[[ RECORDS FOR THE EXERCISE open ]]
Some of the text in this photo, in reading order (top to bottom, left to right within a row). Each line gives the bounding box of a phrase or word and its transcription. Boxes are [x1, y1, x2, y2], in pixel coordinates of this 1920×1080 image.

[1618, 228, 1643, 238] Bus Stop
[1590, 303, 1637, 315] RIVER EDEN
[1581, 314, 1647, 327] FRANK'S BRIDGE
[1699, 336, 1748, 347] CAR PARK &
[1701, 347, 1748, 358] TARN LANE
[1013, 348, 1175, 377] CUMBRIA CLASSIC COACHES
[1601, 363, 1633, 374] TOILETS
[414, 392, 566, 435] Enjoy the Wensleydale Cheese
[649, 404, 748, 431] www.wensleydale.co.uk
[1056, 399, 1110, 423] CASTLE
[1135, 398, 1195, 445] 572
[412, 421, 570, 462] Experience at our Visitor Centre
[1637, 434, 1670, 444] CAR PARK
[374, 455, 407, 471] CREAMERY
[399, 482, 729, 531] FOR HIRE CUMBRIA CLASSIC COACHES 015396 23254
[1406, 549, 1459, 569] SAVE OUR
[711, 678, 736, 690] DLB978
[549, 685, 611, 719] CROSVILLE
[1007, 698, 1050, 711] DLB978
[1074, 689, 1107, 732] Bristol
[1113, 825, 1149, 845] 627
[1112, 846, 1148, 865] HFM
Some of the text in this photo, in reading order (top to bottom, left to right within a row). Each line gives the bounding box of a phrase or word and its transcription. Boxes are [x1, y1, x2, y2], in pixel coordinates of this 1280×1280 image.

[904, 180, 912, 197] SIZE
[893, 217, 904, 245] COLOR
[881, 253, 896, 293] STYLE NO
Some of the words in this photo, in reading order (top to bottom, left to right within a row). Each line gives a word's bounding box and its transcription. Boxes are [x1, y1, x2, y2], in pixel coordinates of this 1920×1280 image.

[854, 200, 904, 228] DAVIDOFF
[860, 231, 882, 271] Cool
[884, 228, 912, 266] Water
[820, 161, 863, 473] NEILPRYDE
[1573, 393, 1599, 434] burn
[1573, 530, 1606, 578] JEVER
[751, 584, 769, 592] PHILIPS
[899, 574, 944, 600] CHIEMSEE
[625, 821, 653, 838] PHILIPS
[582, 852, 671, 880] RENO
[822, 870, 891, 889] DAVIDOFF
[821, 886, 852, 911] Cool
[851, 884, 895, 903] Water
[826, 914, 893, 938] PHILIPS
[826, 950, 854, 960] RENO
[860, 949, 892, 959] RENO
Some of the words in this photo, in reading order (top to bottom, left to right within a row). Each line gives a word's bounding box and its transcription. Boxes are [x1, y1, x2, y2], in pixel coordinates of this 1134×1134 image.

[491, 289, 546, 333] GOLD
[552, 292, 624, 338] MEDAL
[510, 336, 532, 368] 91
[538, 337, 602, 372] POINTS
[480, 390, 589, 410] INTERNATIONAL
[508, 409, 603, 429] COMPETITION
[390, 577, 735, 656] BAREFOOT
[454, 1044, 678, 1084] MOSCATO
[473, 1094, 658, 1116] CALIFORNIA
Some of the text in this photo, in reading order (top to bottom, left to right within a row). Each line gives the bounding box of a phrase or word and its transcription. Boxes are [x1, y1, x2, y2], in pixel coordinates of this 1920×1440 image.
[[ RECORDS FOR THE EXERCISE closed ]]
The entries above are to be copied word for word.

Some of the text in this photo, in reading order (top to bottom, left to right within a row). Each line gives the bounding box of a phrase or word and its transcription. Boxes are [x1, y1, x2, y2], in pixel coordinates of this 1920×1080 image.

[1618, 228, 1643, 238] Bus Stop
[1590, 303, 1637, 315] RIVER EDEN
[1581, 314, 1647, 327] FRANK'S BRIDGE
[1699, 336, 1748, 347] CAR PARK &
[1701, 347, 1748, 358] TARN LANE
[1013, 348, 1175, 377] CUMBRIA CLASSIC COACHES
[1601, 363, 1633, 374] TOILETS
[414, 392, 566, 435] Enjoy the Wensleydale Cheese
[649, 404, 748, 431] www.wensleydale.co.uk
[1056, 399, 1110, 423] CASTLE
[1135, 398, 1195, 445] 572
[412, 421, 570, 462] Experience at our Visitor Centre
[1637, 434, 1670, 444] CAR PARK
[374, 455, 407, 471] CREAMERY
[399, 482, 729, 531] FOR HIRE CUMBRIA CLASSIC COACHES 015396 23254
[1406, 549, 1459, 569] SAVE OUR
[711, 678, 736, 690] DLB978
[549, 685, 611, 719] CROSVILLE
[1007, 698, 1050, 711] DLB978
[1074, 689, 1107, 732] Bristol
[1113, 825, 1149, 845] 627
[1112, 846, 1148, 865] HFM
Some of the text in this photo, in reading order (top to bottom, left to right within a row). Each line gives the bounding box of a phrase or word and its transcription. Boxes are [x1, y1, x2, y2], in pixel coordinates of this 1280×1280 image.

[904, 180, 912, 197] SIZE
[893, 217, 904, 245] COLOR
[881, 253, 896, 293] STYLE NO
Some of the words in this photo, in reading order (top to bottom, left to right within a row). Each line gives a word's bounding box and its transcription. Boxes are [x1, y1, x2, y2], in pixel coordinates of this 1920×1280 image.

[854, 200, 904, 228] DAVIDOFF
[860, 231, 882, 271] Cool
[884, 228, 912, 266] Water
[820, 161, 863, 473] NEILPRYDE
[1573, 393, 1599, 434] burn
[1573, 530, 1606, 578] JEVER
[751, 584, 769, 592] PHILIPS
[899, 574, 944, 600] CHIEMSEE
[625, 821, 653, 838] PHILIPS
[582, 852, 671, 880] RENO
[822, 870, 891, 889] DAVIDOFF
[821, 886, 852, 911] Cool
[851, 884, 895, 903] Water
[826, 914, 893, 938] PHILIPS
[826, 950, 854, 960] RENO
[860, 949, 892, 959] RENO
Some of the words in this photo, in reading order (top to bottom, left to right within a row). Each line gives a word's bounding box and its transcription. Boxes are [x1, y1, x2, y2], in pixel coordinates of this 1134×1134 image.

[491, 289, 546, 333] GOLD
[552, 292, 624, 338] MEDAL
[510, 336, 532, 368] 91
[538, 337, 602, 372] POINTS
[480, 390, 589, 410] INTERNATIONAL
[508, 409, 603, 429] COMPETITION
[390, 577, 735, 656] BAREFOOT
[454, 1044, 678, 1084] MOSCATO
[473, 1094, 658, 1116] CALIFORNIA
Some of the text in this photo, in reading order (top to bottom, left to right within a row). Each line gives the bounding box of a phrase or word and its transcription. Boxes are [x1, y1, x2, y2], in pixel coordinates of this 1920×1440 image.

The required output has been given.